_Problem statement:_
All of the data below should be returned exactly.

_Information:_
# # # # # # #

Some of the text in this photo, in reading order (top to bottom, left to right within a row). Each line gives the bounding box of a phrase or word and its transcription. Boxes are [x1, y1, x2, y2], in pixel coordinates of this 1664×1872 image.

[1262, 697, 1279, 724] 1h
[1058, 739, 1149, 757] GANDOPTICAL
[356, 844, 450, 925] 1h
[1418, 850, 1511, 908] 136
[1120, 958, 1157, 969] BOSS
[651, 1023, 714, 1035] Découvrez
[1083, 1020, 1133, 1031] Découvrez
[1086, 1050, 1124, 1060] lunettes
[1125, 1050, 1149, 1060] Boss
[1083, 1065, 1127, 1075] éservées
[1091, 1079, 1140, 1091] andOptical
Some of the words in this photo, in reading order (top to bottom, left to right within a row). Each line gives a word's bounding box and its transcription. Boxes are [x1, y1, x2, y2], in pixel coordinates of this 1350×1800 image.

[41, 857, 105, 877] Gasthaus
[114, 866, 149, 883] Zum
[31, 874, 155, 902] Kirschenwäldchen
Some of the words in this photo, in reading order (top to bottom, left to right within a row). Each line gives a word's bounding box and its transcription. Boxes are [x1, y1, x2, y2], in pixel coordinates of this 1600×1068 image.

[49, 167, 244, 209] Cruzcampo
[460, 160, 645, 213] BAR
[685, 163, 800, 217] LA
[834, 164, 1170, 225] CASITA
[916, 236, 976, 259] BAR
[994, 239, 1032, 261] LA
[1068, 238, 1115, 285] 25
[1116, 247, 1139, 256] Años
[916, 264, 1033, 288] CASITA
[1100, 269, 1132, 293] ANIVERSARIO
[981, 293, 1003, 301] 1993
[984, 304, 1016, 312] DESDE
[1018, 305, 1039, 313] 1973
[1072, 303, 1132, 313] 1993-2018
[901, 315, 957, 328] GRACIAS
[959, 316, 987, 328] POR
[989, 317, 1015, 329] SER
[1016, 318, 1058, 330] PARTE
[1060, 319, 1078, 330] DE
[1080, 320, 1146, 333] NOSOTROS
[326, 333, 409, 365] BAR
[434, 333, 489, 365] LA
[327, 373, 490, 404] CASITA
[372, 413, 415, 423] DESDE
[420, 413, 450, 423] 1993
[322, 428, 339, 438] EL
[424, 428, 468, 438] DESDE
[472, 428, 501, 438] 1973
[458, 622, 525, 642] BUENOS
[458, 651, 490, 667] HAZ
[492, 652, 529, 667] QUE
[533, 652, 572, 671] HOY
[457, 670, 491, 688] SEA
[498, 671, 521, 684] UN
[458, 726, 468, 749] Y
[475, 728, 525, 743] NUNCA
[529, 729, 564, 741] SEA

# # # # # # #

_Solution:_
Some of the text in this photo, in reading order (top to bottom, left to right within a row). Each line gives the bounding box of a phrase or word and its transcription. Boxes are [x1, y1, x2, y2], in pixel coordinates of this 1664×1872 image.

[1262, 697, 1279, 724] 1h
[1058, 739, 1149, 757] GANDOPTICAL
[356, 844, 450, 925] 1h
[1418, 850, 1511, 908] 136
[1120, 958, 1157, 969] BOSS
[651, 1023, 714, 1035] Découvrez
[1083, 1020, 1133, 1031] Découvrez
[1086, 1050, 1124, 1060] lunettes
[1125, 1050, 1149, 1060] Boss
[1083, 1065, 1127, 1075] éservées
[1091, 1079, 1140, 1091] andOptical
Some of the words in this photo, in reading order (top to bottom, left to right within a row). Each line gives a word's bounding box and its transcription. Boxes are [x1, y1, x2, y2], in pixel coordinates of this 1350×1800 image.

[41, 857, 105, 877] Gasthaus
[114, 866, 149, 883] Zum
[31, 874, 155, 902] Kirschenwäldchen
Some of the words in this photo, in reading order (top to bottom, left to right within a row). Each line gives a word's bounding box and its transcription. Boxes are [x1, y1, x2, y2], in pixel coordinates of this 1600×1068 image.

[49, 167, 244, 209] Cruzcampo
[460, 160, 645, 213] BAR
[685, 163, 800, 217] LA
[834, 164, 1170, 225] CASITA
[916, 236, 976, 259] BAR
[994, 239, 1032, 261] LA
[1068, 238, 1115, 285] 25
[1116, 247, 1139, 256] Años
[916, 264, 1033, 288] CASITA
[1100, 269, 1132, 293] ANIVERSARIO
[981, 293, 1003, 301] 1993
[984, 304, 1016, 312] DESDE
[1018, 305, 1039, 313] 1973
[1072, 303, 1132, 313] 1993-2018
[901, 315, 957, 328] GRACIAS
[959, 316, 987, 328] POR
[989, 317, 1015, 329] SER
[1016, 318, 1058, 330] PARTE
[1060, 319, 1078, 330] DE
[1080, 320, 1146, 333] NOSOTROS
[326, 333, 409, 365] BAR
[434, 333, 489, 365] LA
[327, 373, 490, 404] CASITA
[372, 413, 415, 423] DESDE
[420, 413, 450, 423] 1993
[322, 428, 339, 438] EL
[424, 428, 468, 438] DESDE
[472, 428, 501, 438] 1973
[458, 622, 525, 642] BUENOS
[458, 651, 490, 667] HAZ
[492, 652, 529, 667] QUE
[533, 652, 572, 671] HOY
[457, 670, 491, 688] SEA
[498, 671, 521, 684] UN
[458, 726, 468, 749] Y
[475, 728, 525, 743] NUNCA
[529, 729, 564, 741] SEA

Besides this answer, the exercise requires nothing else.